EXERCISE -> Without the pictures, return each record as it appears.

Saved entries:
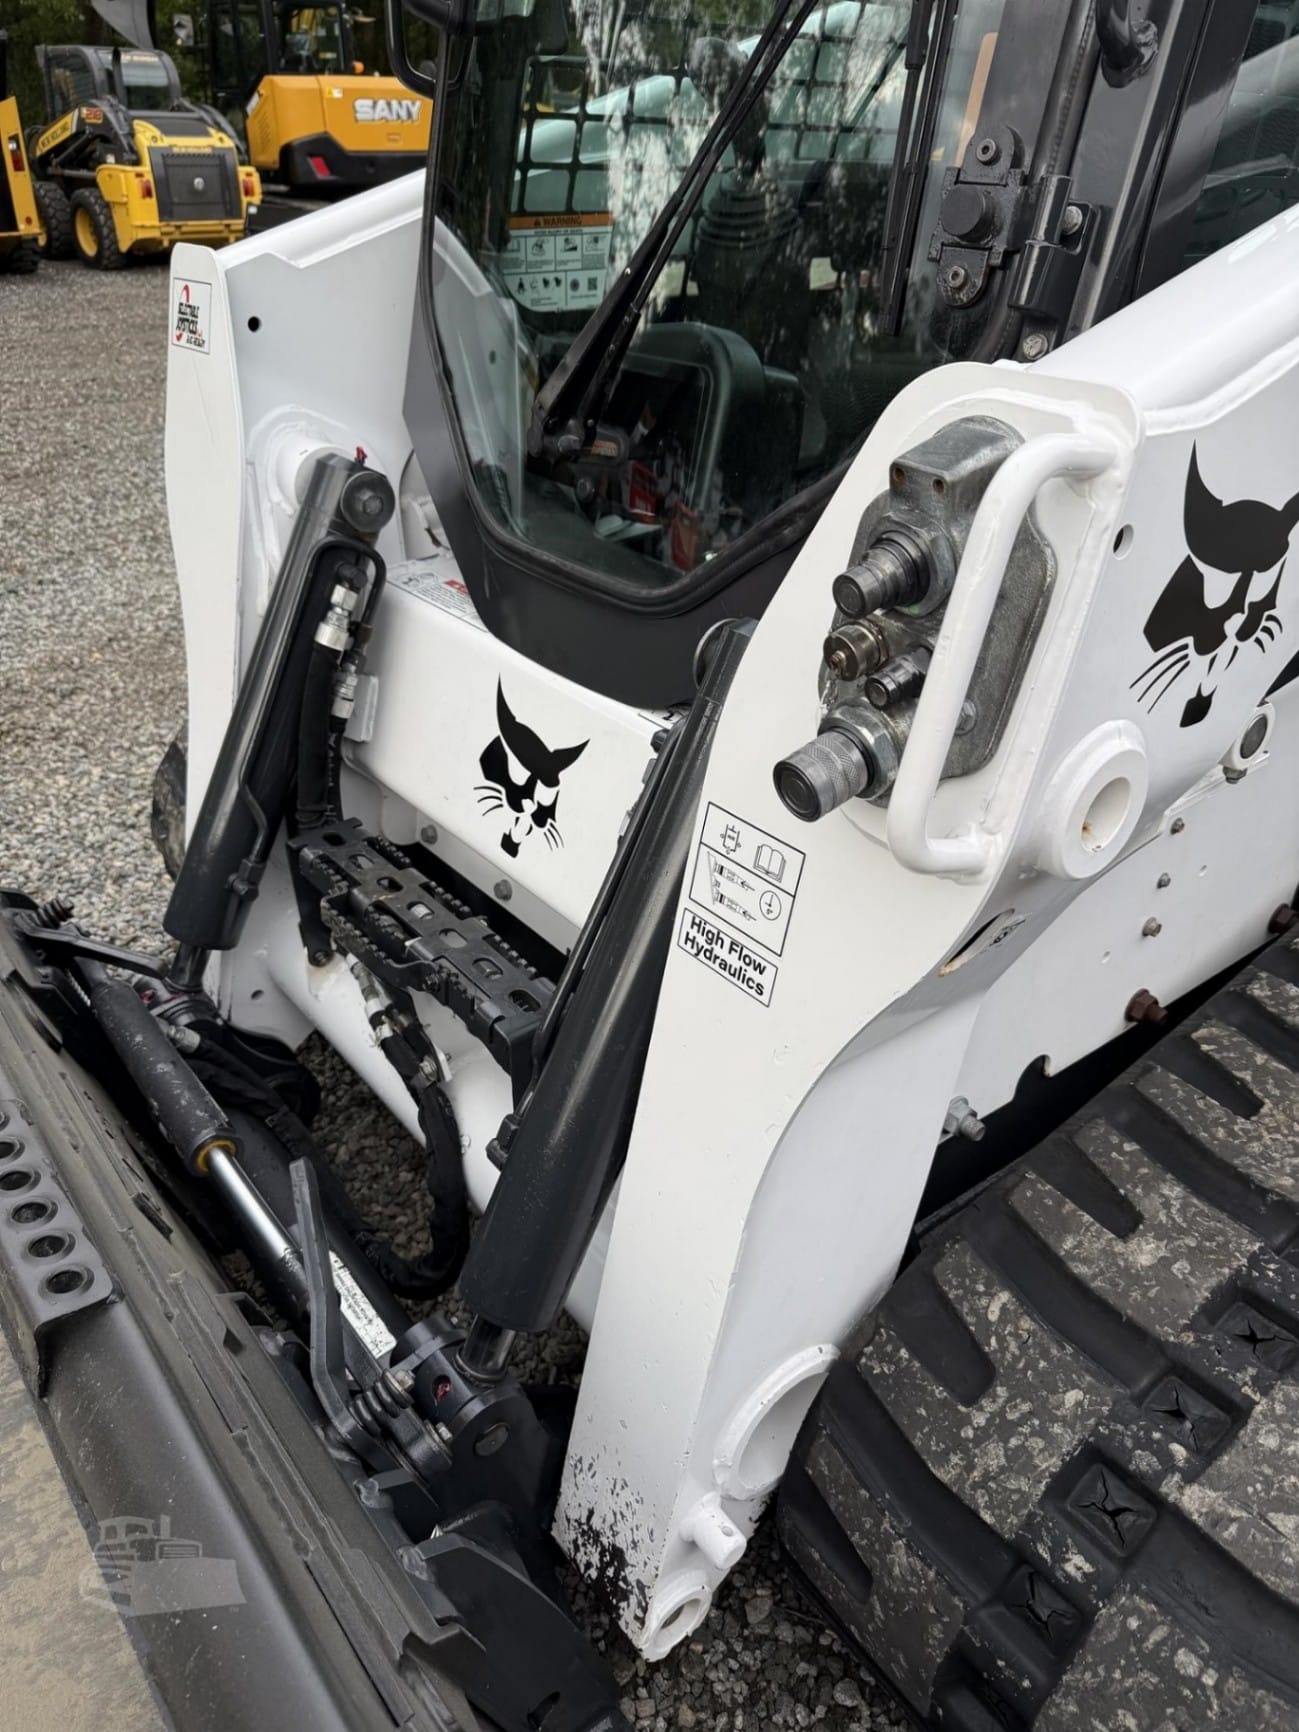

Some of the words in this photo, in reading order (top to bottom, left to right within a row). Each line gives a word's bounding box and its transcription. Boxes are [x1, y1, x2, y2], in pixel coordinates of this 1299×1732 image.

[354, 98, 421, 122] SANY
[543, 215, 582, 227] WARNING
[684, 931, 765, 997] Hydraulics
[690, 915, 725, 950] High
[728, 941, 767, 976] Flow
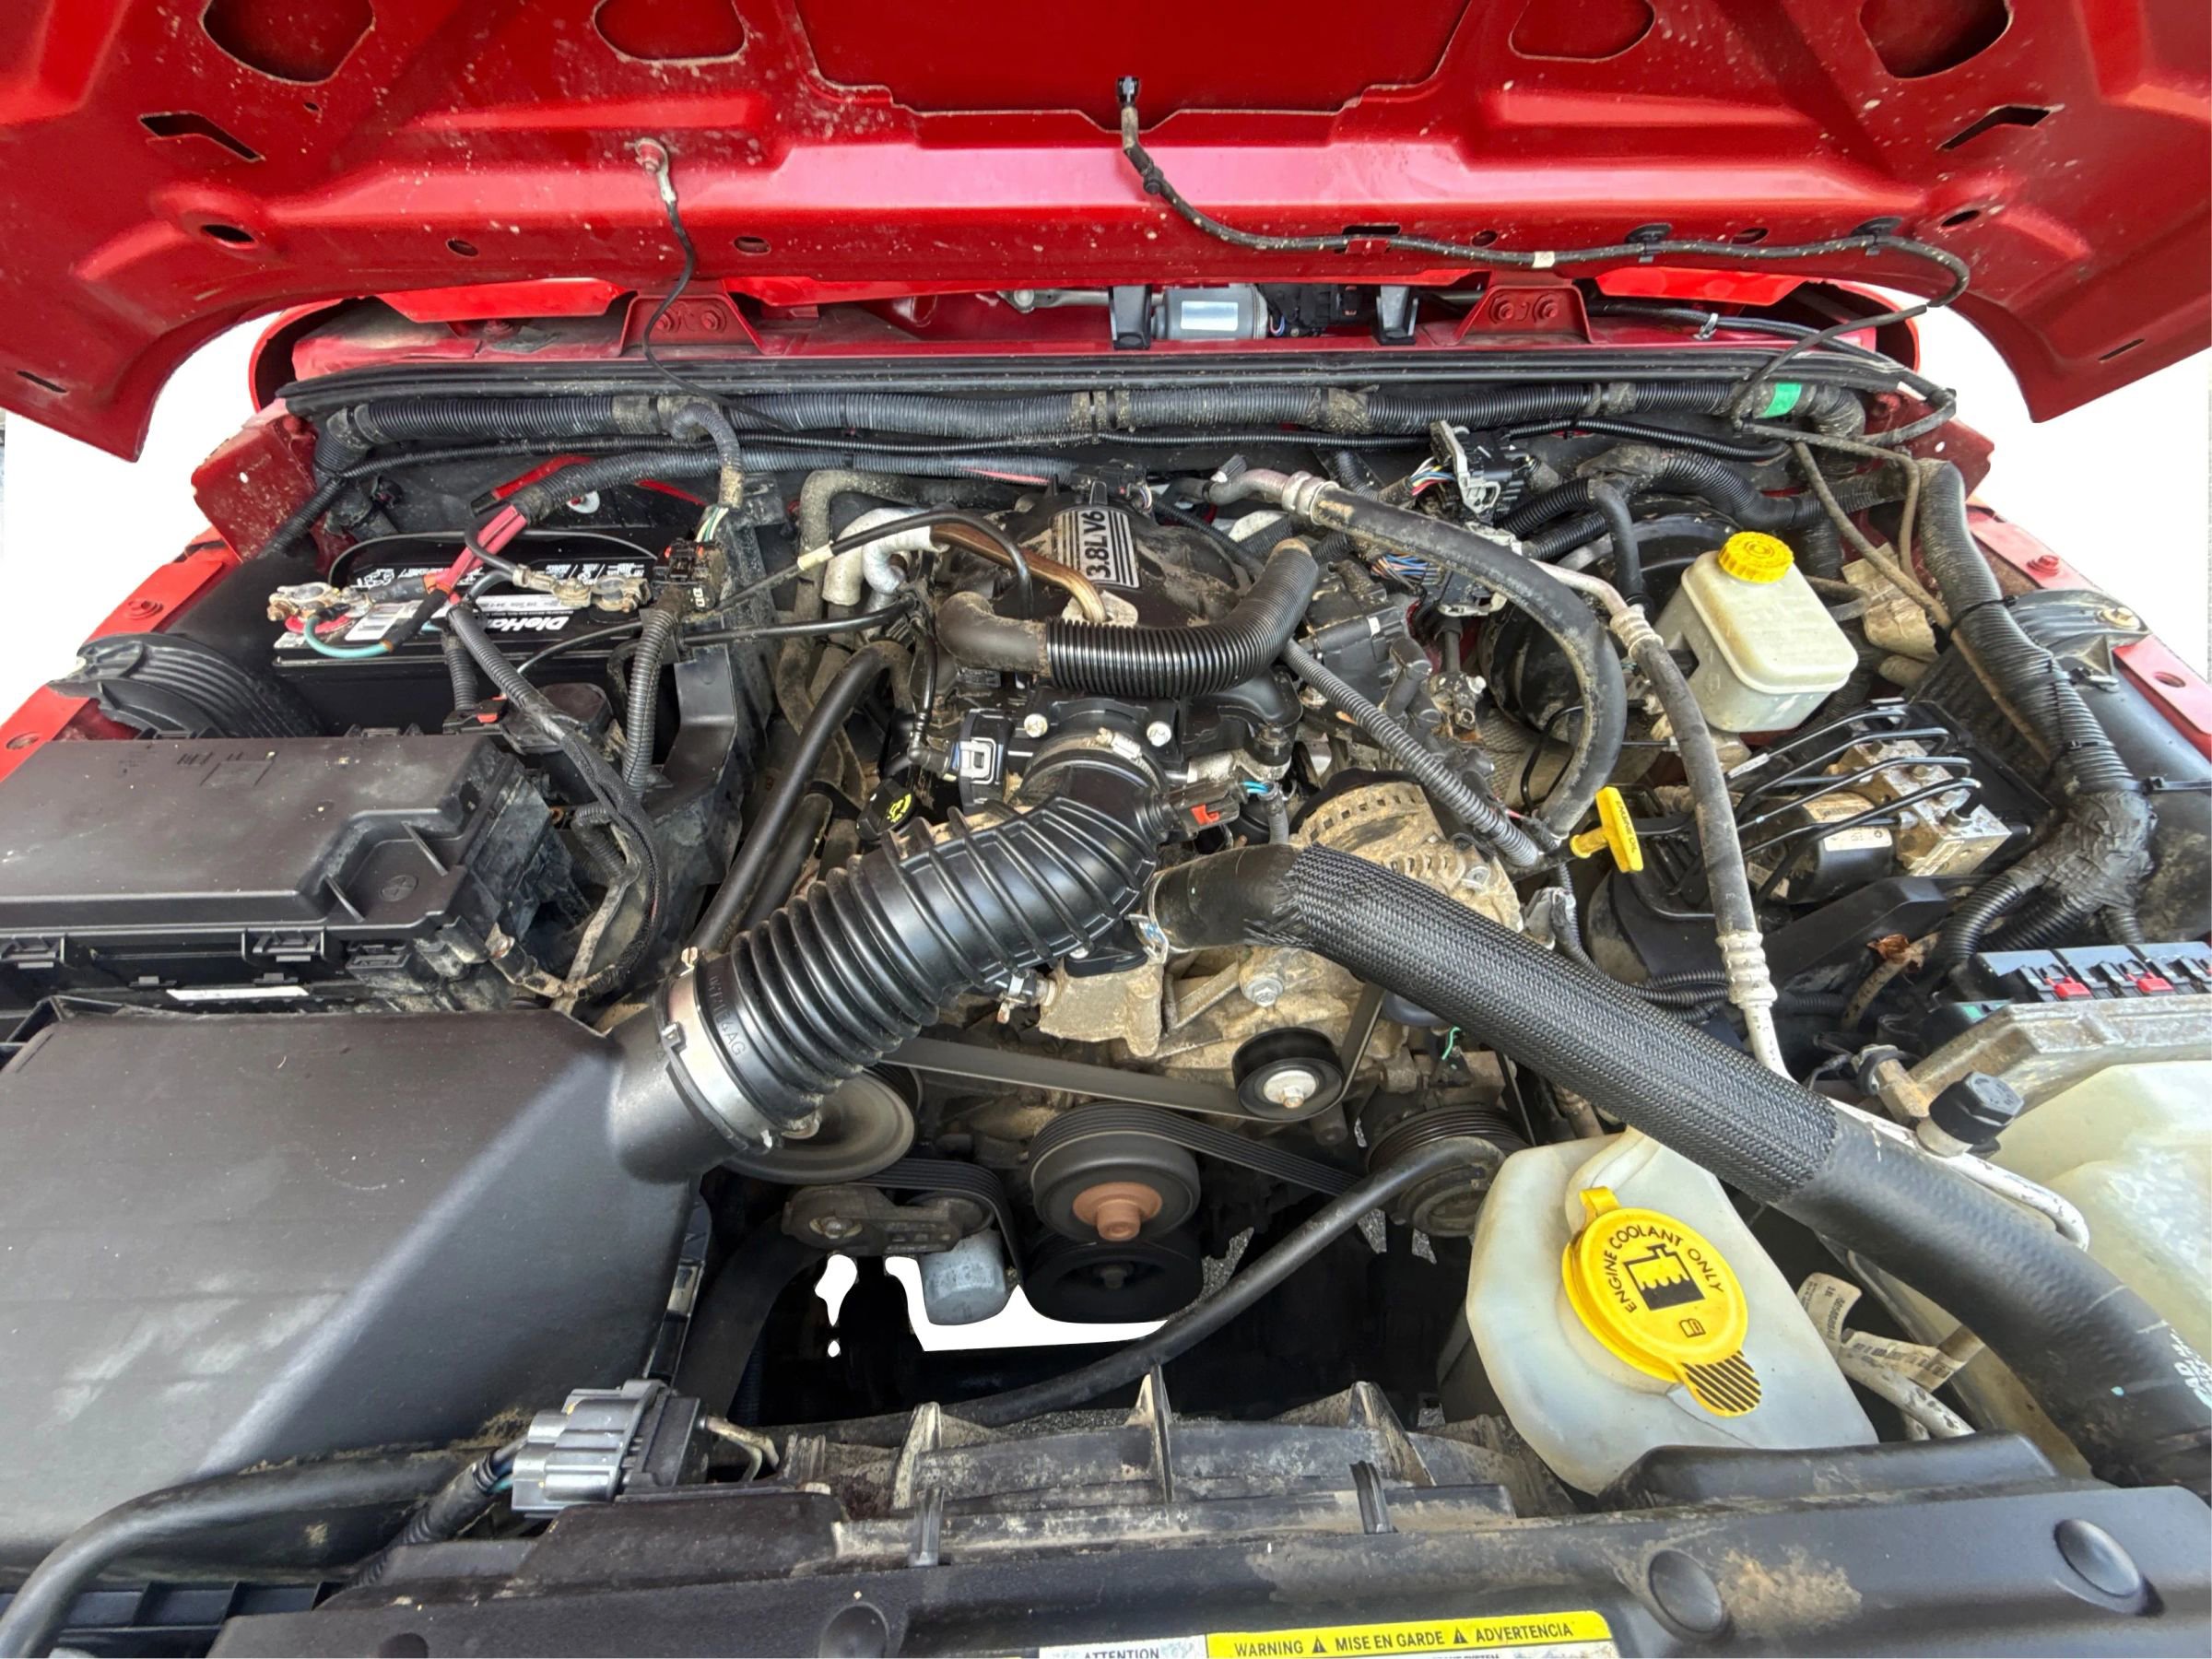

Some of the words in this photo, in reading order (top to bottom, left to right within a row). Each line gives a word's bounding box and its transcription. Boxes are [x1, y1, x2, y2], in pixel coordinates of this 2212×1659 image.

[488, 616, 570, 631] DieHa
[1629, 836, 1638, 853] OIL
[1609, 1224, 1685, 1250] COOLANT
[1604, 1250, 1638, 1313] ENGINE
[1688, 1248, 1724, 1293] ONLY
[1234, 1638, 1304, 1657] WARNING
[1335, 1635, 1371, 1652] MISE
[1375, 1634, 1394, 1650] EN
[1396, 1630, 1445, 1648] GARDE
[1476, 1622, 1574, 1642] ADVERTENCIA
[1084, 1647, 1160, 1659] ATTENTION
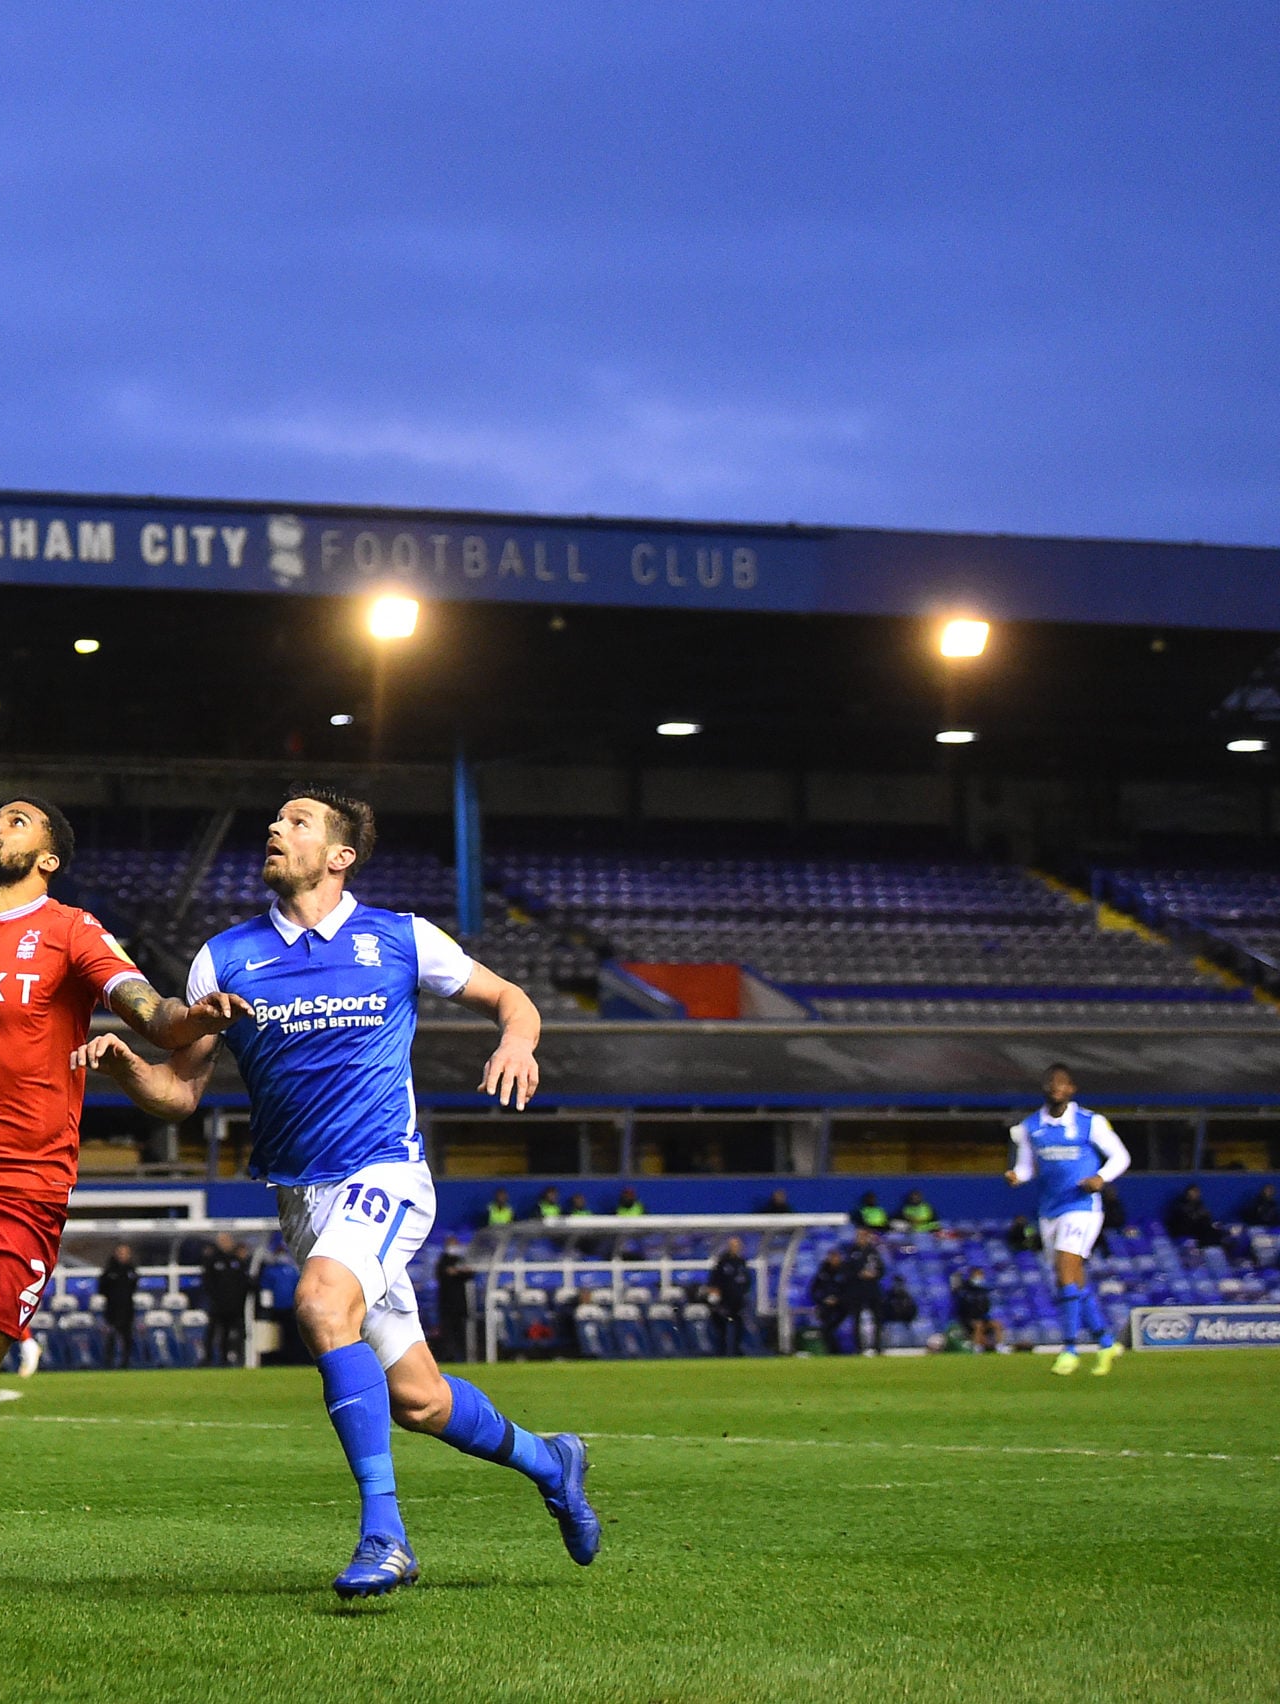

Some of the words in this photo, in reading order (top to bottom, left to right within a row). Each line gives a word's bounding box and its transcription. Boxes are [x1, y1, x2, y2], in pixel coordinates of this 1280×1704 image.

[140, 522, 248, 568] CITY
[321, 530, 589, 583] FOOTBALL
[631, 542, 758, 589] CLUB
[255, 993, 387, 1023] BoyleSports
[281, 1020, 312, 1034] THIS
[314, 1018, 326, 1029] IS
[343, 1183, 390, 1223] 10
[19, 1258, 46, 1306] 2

SOLUTION TO THIS EXERCISE ->
Some of the words in this photo, in reading order (top to bottom, left to right within a row). Each line gives a word's bounding box and its transcription. Boxes are [x1, y1, x2, y2], in pixel coordinates of this 1299×1732 image.

[354, 98, 421, 122] SANY
[543, 215, 582, 227] WARNING
[684, 931, 765, 997] Hydraulics
[690, 915, 725, 950] High
[728, 941, 767, 976] Flow

Some of the words in this photo, in reading order (top to bottom, left to right within a row). Each line gives a word's bounding box and its transcription. Boxes are [x1, y1, x2, y2], in pixel coordinates of this 2212×1659 image.

[488, 616, 570, 631] DieHa
[1629, 836, 1638, 853] OIL
[1609, 1224, 1685, 1250] COOLANT
[1604, 1250, 1638, 1313] ENGINE
[1688, 1248, 1724, 1293] ONLY
[1234, 1638, 1304, 1657] WARNING
[1335, 1635, 1371, 1652] MISE
[1375, 1634, 1394, 1650] EN
[1396, 1630, 1445, 1648] GARDE
[1476, 1622, 1574, 1642] ADVERTENCIA
[1084, 1647, 1160, 1659] ATTENTION

Some of the words in this photo, in reading order (top to bottom, left to right within a row). Each line gives a word's bounding box and its transcription. Boxes are [x1, y1, x2, y2], in pixel coordinates of this 1280×1704 image.

[140, 522, 248, 568] CITY
[321, 530, 589, 583] FOOTBALL
[631, 542, 758, 589] CLUB
[255, 993, 387, 1023] BoyleSports
[281, 1020, 312, 1034] THIS
[314, 1018, 326, 1029] IS
[343, 1183, 390, 1223] 10
[19, 1258, 46, 1306] 2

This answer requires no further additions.